(Phrase grounding data)
· · · · ·
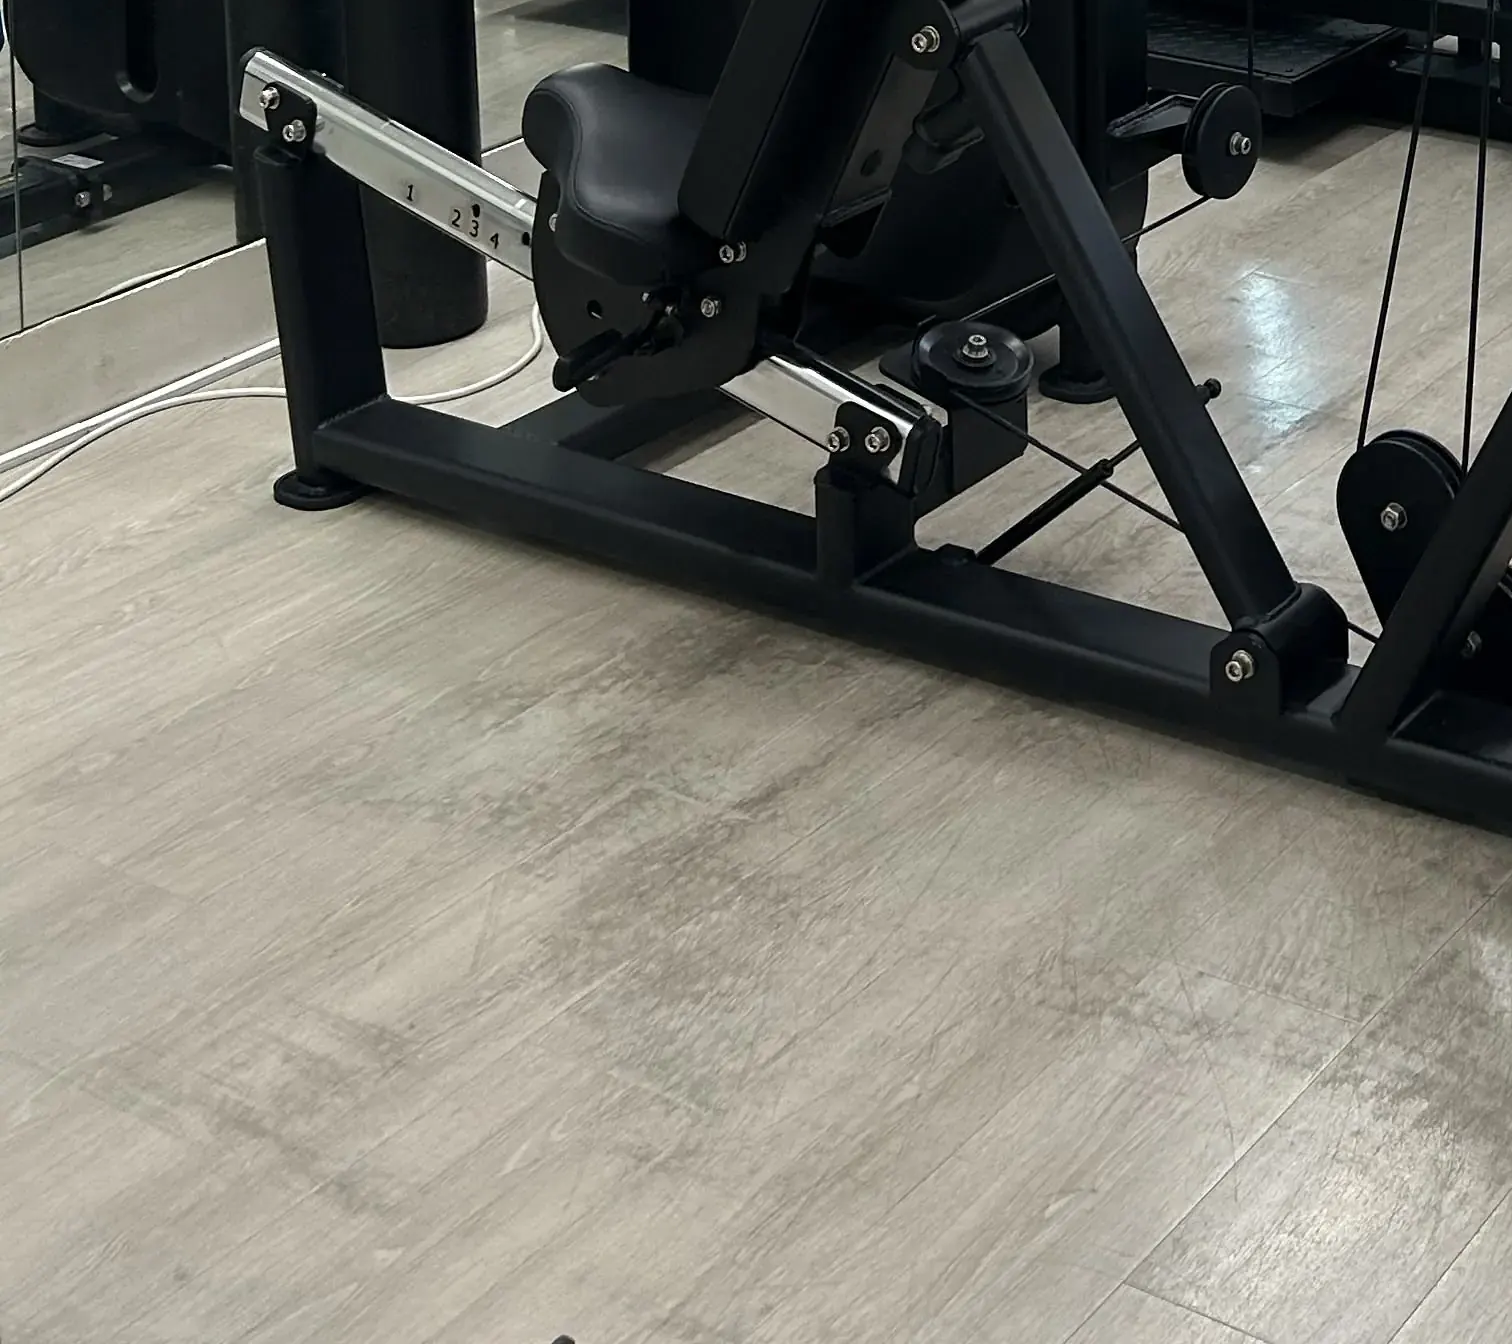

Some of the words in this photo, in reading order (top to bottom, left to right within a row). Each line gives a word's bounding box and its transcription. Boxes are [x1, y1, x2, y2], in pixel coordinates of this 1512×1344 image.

[406, 184, 414, 201] 1
[451, 208, 461, 227] 2
[469, 219, 479, 238] 3
[489, 232, 499, 249] 4
· · · · ·
## WHAT IS EXPECTED:
Exact copy, pictures excluded: restate every record above word for word.

## EXERCISE RESULT:
Some of the words in this photo, in reading order (top to bottom, left to right within a row). Each line gives a word's bounding box and its transcription. Boxes are [x1, y1, x2, y2], in pixel coordinates of this 1512×1344 image.

[406, 184, 414, 201] 1
[451, 208, 461, 227] 2
[469, 219, 479, 238] 3
[489, 232, 499, 249] 4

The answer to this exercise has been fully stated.